Sour Cream Coffee Cake
This Sour Cream Coffee Cake recipe is delicious and by far, our favorite. We make this the night before and put it in the refrigerator.
First, make two separate portions of this. HINT: Make them separately. Doubling this somehow doesn’t make as light a crumb. If you have little hands around, they are perfect to work the topping into a light crumb!
Crumb Topping for Sour Cream Coffee Cake
(Makes one portion): 1/2 stick of unsalted butter, 1/4 c. sugar, 1/2 c. unbleached flour, pinch of sea salt. Make two portions in separate dishes, one for the middle and one for the top.
2 1/4 c. unbleached flour
2 tsp. baking powder
1/4. tsp. sea salt
1/2 tsp. baking soda
1/3 c. unsalted butter (5 TBSP.) (softened)
1 c. sugar
1/3 c. vegetable oil
2 large eggs
1 c. sour cream
2 tsp. pure vanilla extract
Preheat oven to 350 degrees. Spray bundt pan.

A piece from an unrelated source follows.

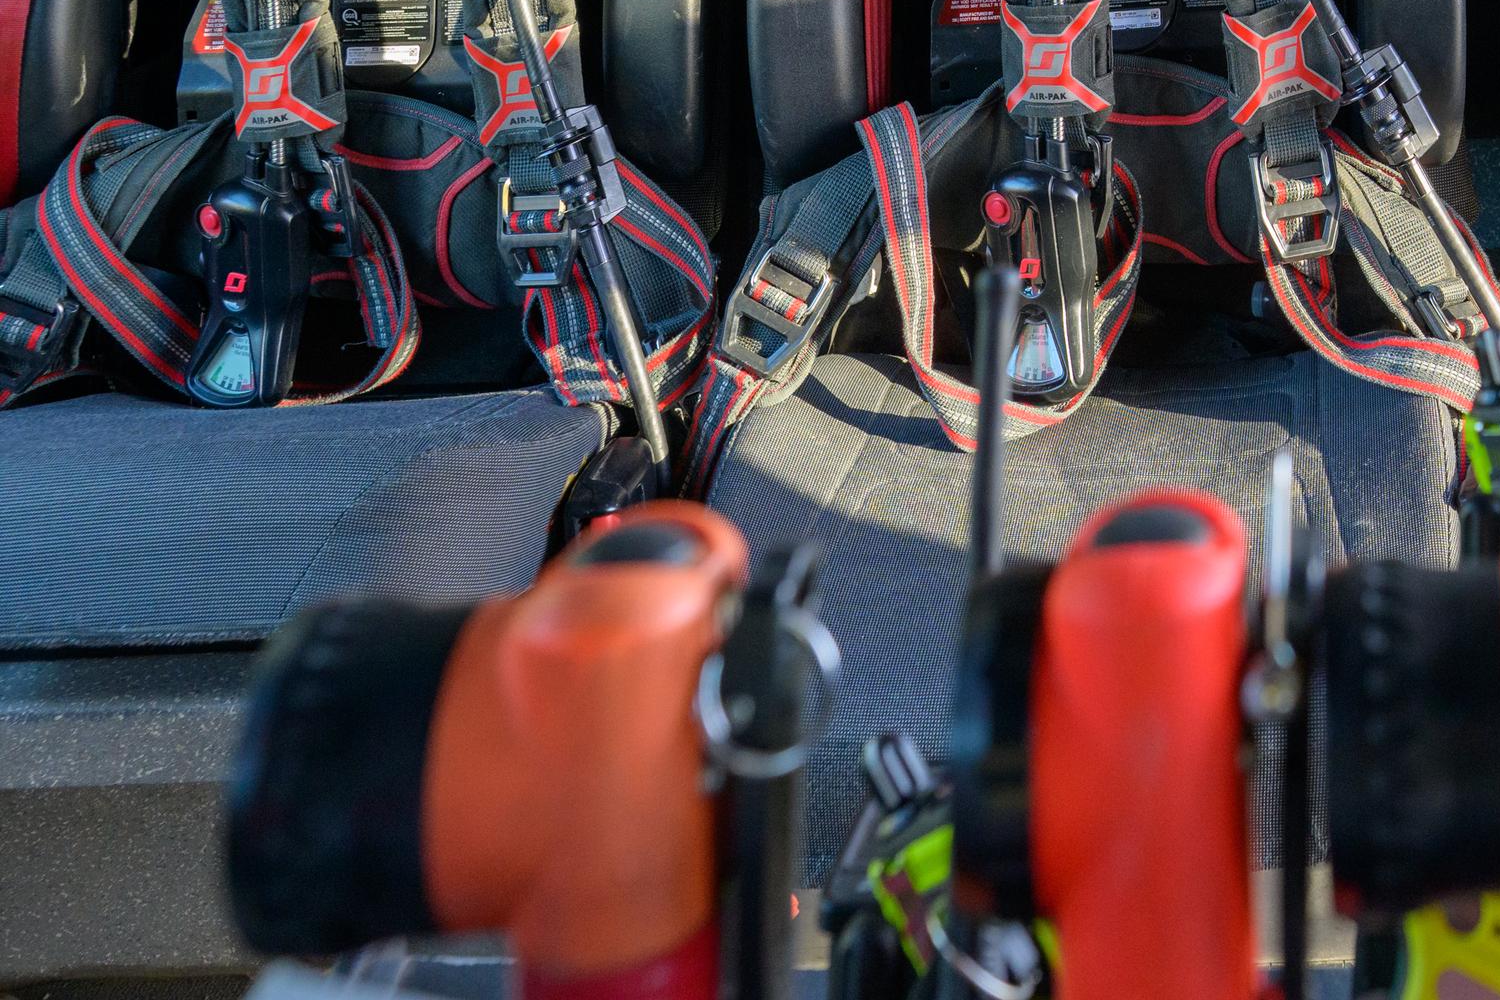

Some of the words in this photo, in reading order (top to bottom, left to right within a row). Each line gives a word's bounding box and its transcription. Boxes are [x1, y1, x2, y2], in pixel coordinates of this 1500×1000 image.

[1029, 92, 1067, 101] AIR-PAK
[1267, 82, 1304, 101] AIR-PAK
[252, 113, 288, 124] AIR-PAK
[510, 114, 541, 125] AIR-PA

In a bowl: Whisk the first 4 ingredients and set aside.
In a mixer beat together the butter, sugar, and oil until fluffy. Add eggs one at a time beating well after each addition. Note: I tried to decrease the sugar and it really tasted a bit bland.
Then, add sour cream, vanilla, beat lightly.
Add the flour mixture slowly, and beat until combined.
Add any additions to the batter such as 1 1/2 cups of frozen blueberries or chopped apples, and beat or stir lightly.
Spoon half of the batter into the bundt, and top with one dish of crumb topping.
Spoon and spread on top the rest of the batter and top with the remaining dish of crumb topping.
Put in the refrigerator overnight or bake.
50-60 minutes until a knife comes out clean. I test at 55 minutes. 16 servings. ENJOY!